Origin-specific DNA sequences from RAPD fingerprinting.

Forty-six polymorphic bands were used to determine whether there was an origin-specific DNA band. Although three origin-specific DNA bands were not found, we observed a specific 330-bp band (see Fig. 1) for the clinical isolates and the strains obtained from the homes of SHP patients in RAPD fingerprinting using primer M13. The 330-bp DNA fragment was extracted from an agarose gel using a NucleoSpin kit (Clontech Laboratories Inc., Palo Alto, Calif.) according to the manufacturer's instructions. The fragment was cloned into pCR-2.1 using a TA cloning kit (Invitrogen Corp., Carlsbad, Calif.) and was sequenced with an ABI PRISM Cycle-Sequencing kit (Applied Biosystems). From these DNA sequences, two oligonucleotide primers were designed: M13-7F (TGCGCTCATGCGCTCATGAC) and M13-7R (TCCGCTGAGGAAGGAAGAGC). The PCR conditions were as follows: initial denaturation at 94°C for 3 min, followed by 30 cycles of 20 s at 94°C, 60 s at 50°C, and 20 s at 72°C, and a final cycle of 10 min at 72°C. For this PCR, Takara (Shiga, Japan) Ex Taq polymerase was used. Table 2 shows the strains used for specificity of PCR.

FIG. 1.

FIG. 1

Representative electrophoresis gel of PCR fingerprints obtained from T. asahii isolates using primer M13. Mw, molecular weight marker. A 330-bp DNA fragment (arrow) shows specificity for the clinical isolates and strains isolated from SHP patients' houses.

TABLE 2.

Specificity of primers M13-7F and M13-7R for Trichosporon species and related species

Species Straina PCR productb
Trichosporon coremiiforme CBS 2482
Trichosporon faecale CBS 4828
Trichosporon asteroides CBS 2481
Trichosporon aquatile CBS 5973
Trichosporon brassicae CBS 6382
Trichosporon cutaneum CBS 2466
Trichosporon dulcitum CBS 8257
Trichosporon inkin CBS 5585
Trichosporon gracile CBS 8189
Trichosporon montevideense CBS 6721
Trichosporon mucoides CBS 7625
Trichosporon ovoides CBS 5585
Trichosporon pullulans CBS 2532
Candida albicans CBS 562
Candida glabrata IFO 0622
Candida guilliermondii CBS 566
Candida kefyr JCM 9559
Candida lusitaniae CBS 4413
Candida parapsilosis ATCC 22019
Candida tropicalis ATCC 7349
Cryptococcus neoformans var. neoformans CBS 132
Cryptococcus neoformans var. gattii NIH 191
Cryptococcus albidus CBS 142
Malassezia furfur CBS 1878
Rhodotorula mucilaginosa CBS 17
a

Abbreviations: CBS, Centraal Bureau voor Schimmelcultures, Baarn, The Netherlands; IFO, Institute for Fermentation, Osaka, Japan; JCM, Japan Collection of Microorganisms, Saitama, Japan; NIH, National Institutes for Health, Bethesda, Md. 

b

—, no product obtained. 

Biochemical characteristics.

The isolates were examined with an ID32C kit (bioMérieux SA, Marcy I'Etoile, France) in accordance with the manufacturer's instructions. A total of 42 clinical isolates, 17 SHP isolates, and 27 environmental isolates were examined. The PAUP program was used to calculate similarity values and to construct a UPGMA phenogram.

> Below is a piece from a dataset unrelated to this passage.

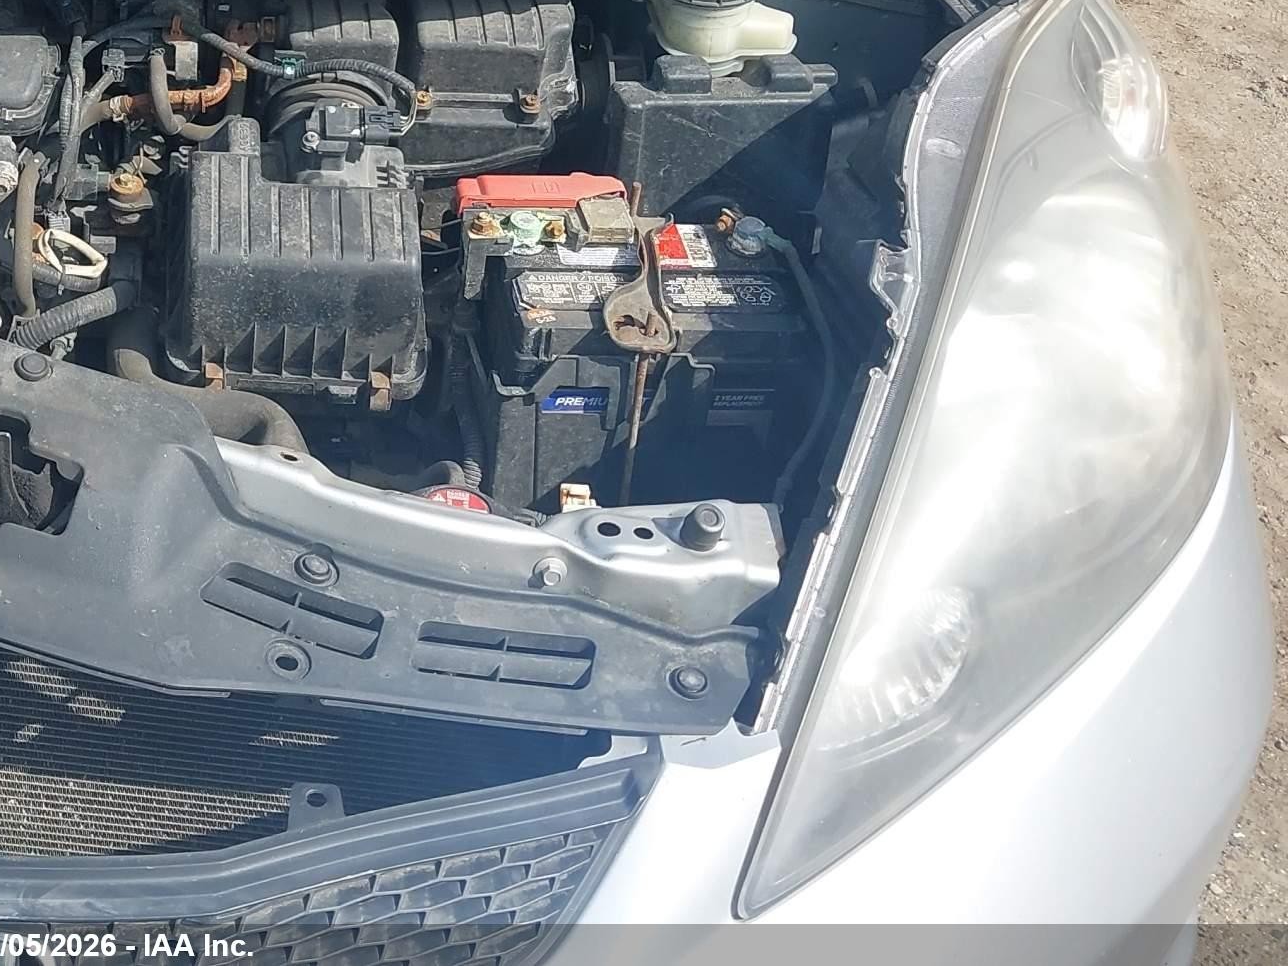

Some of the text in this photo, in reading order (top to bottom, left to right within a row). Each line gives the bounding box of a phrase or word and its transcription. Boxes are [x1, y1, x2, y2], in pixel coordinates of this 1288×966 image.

[538, 275, 578, 283] DANGER
[588, 274, 625, 283] POISON
[554, 397, 610, 407] PREMIU

Nucleotide sequence accession number.

The sequences of specific DNA fragments obtained by PCR of T. asahii clinical isolates and strains isolated from SHP patients' houses have been deposited in the DNA Data Bank of Japan under accession number AB049759.

RESULTS

RAPD analysis.

The three primers produced 46 polymorphic bands, as shown in Table 1. A representative photograph of the PCR products for primer M13 is presented in Fig. 1. The similarities of the polymorphic bands within the clinical isolates, strains isolated from SHP patients' houses, and environmental isolates were 91.3, 74.5, and 72.0%, respectively (Table 3). Clinical isolates were more similar to each other than to the strains of the two other origins (P < 0.01). and they formed two clusters (Fig. 2). Although the clinical isolates were obtained from eight different Japanese and U.S. centers, there was no relationship between the RAPD fingerprinting pattern and the source hospital. Neither environmental isolates nor strains isolated from SHP patients' houses formed a cluster (P > 0.1).

TABLE 3.

Mean similarity between pairs of T. asahii isolates from three different origins

Comparison Mean similarity (%) ± SD
Within clinical isolates 91.3 ± 4.5
Within strains isolated from SHP patients' houses 74.5 ± 12.5
Within environmental isolates 72.0 ± 14.9
Between clinical isolates and strains isolated from SHP patients' housesa 78.0 ± 12.0
Between clinical isolates and environmental isolatesa 66.9 ± 13.7
Between strains isolated from SHP patients' houses and environmental isolatesb 68.9 ± 12.4
a

Significant difference (P < 0.01). 

b

No significant difference (P > 0.1). 

FIG. 2.

FIG. 2

UPGMA phenogram of T. asahii isolates calculated from DNA fingerprinting patterns obtained with primers M13, OPE1, and RC8.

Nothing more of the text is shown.